=== Exercise details ===
From the first line to the last, repeat the data exactly but leave out the pictures.

[Records from a collection]
━━━━━━━━━━━━━━━━
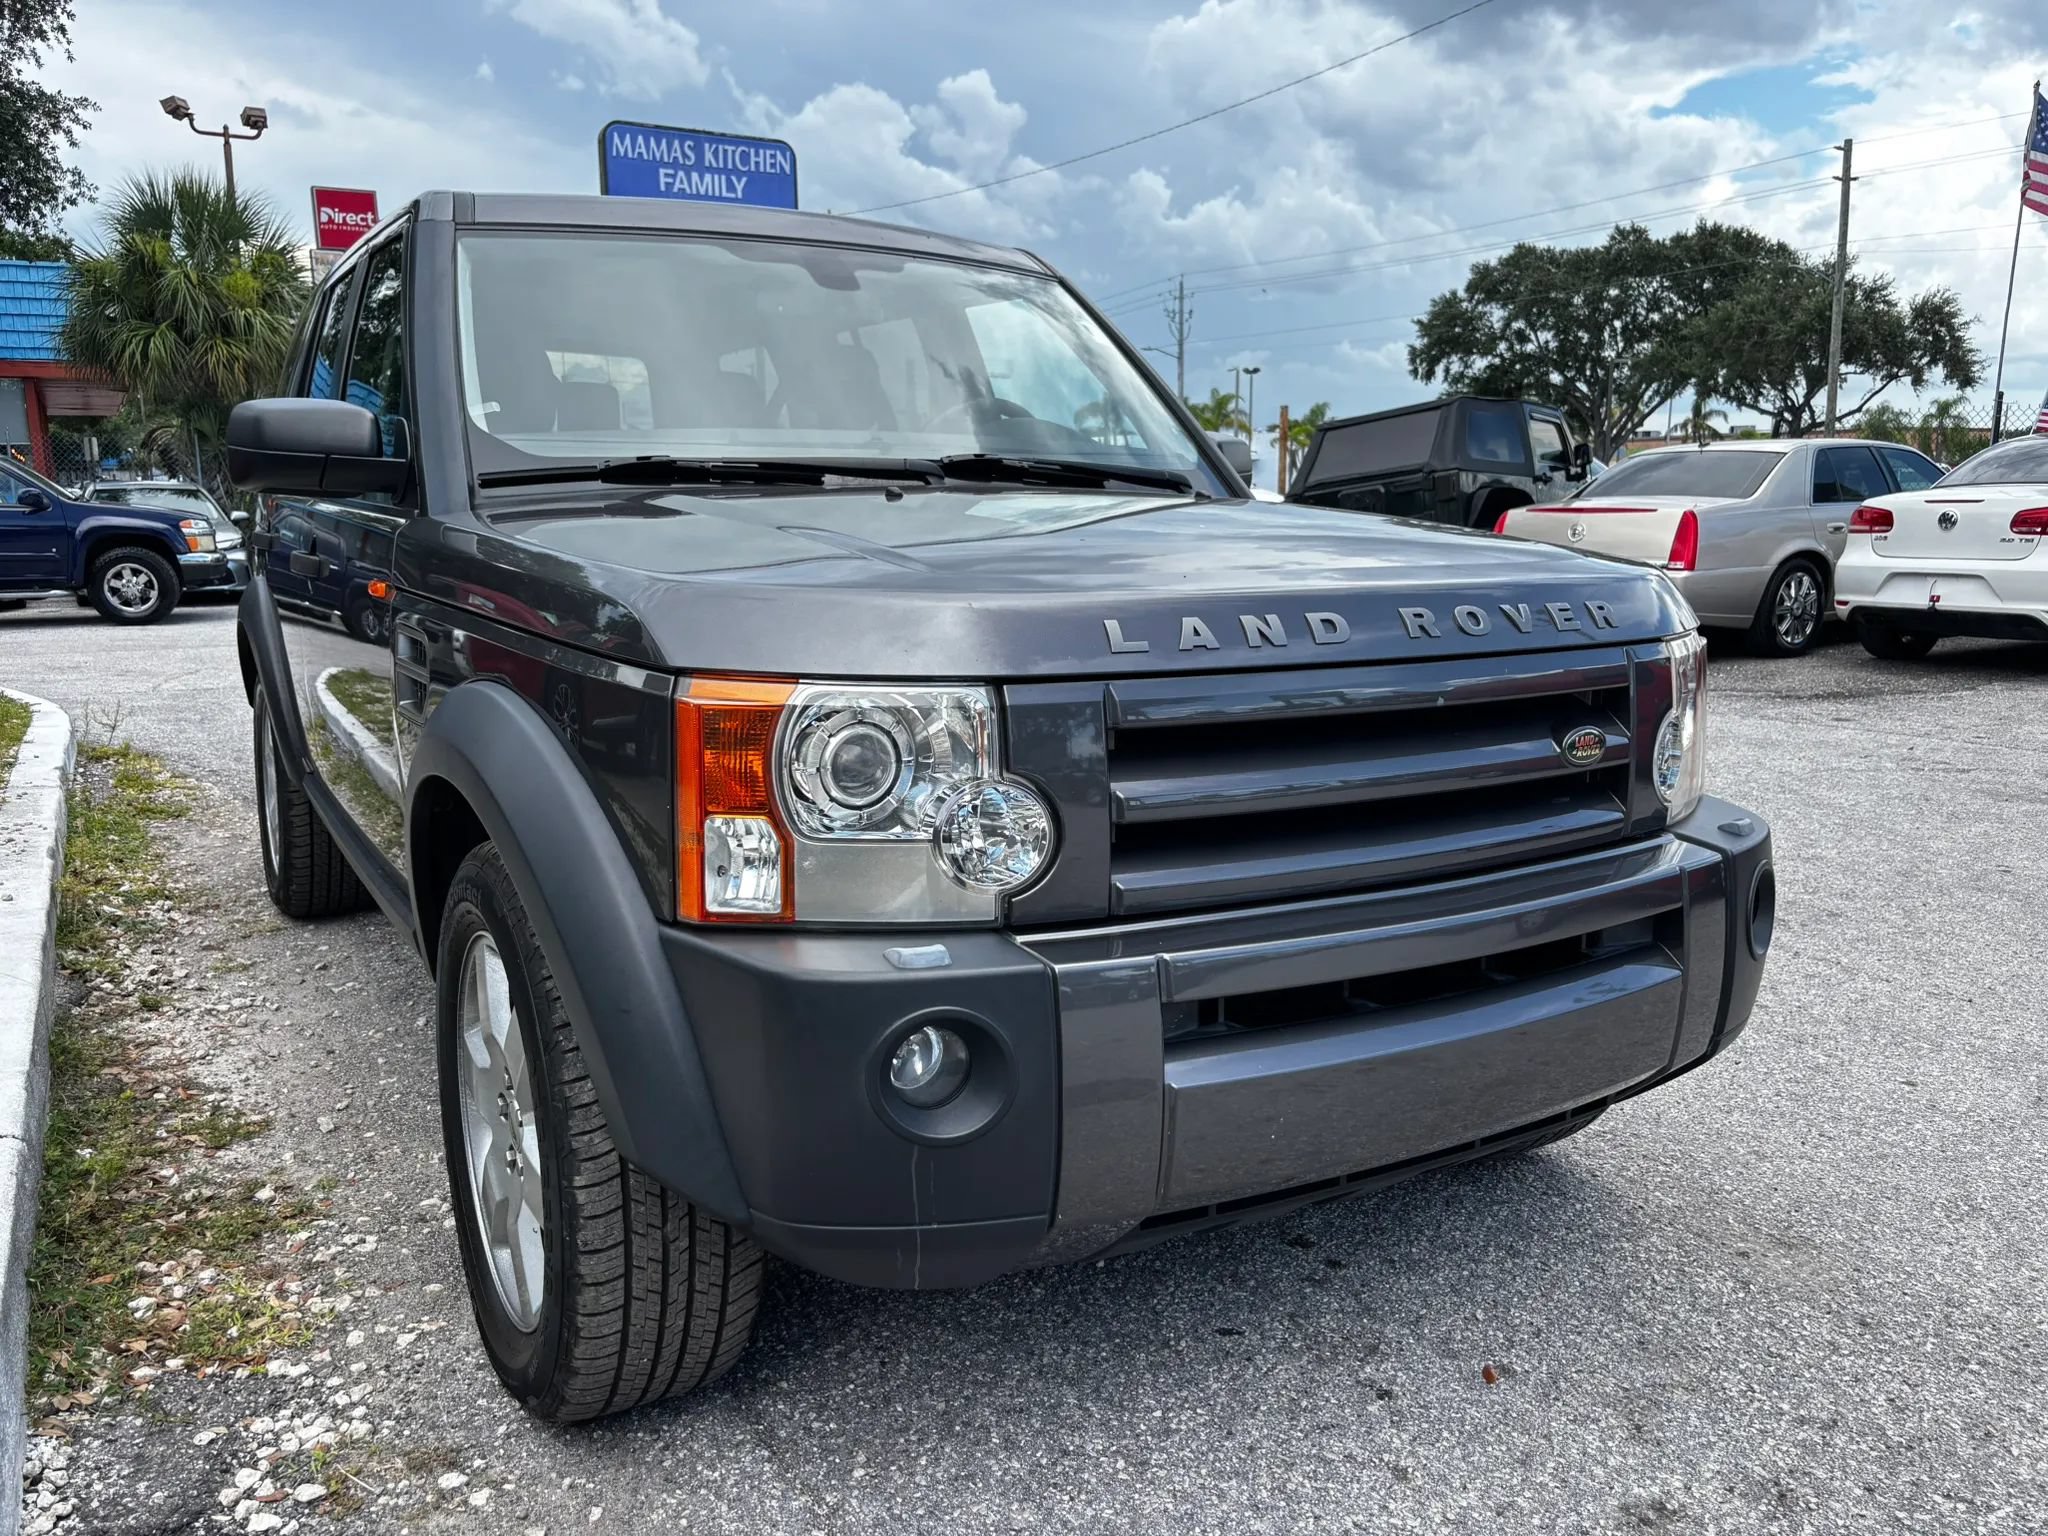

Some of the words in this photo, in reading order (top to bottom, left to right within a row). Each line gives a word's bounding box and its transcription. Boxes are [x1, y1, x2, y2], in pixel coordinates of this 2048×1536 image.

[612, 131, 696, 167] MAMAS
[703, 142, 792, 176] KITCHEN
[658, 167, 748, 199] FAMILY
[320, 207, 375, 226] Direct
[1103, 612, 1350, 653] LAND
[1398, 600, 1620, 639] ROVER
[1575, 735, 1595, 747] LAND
━━━━━━━━━━━━━━━━
=== Output below ===
Some of the words in this photo, in reading order (top to bottom, left to right within a row). Each line gives a word's bounding box and its transcription. Boxes are [x1, y1, x2, y2], in pixel coordinates of this 2048×1536 image.

[612, 131, 696, 167] MAMAS
[703, 142, 792, 176] KITCHEN
[658, 167, 748, 199] FAMILY
[320, 207, 375, 226] Direct
[1103, 612, 1350, 653] LAND
[1398, 600, 1620, 639] ROVER
[1575, 735, 1595, 747] LAND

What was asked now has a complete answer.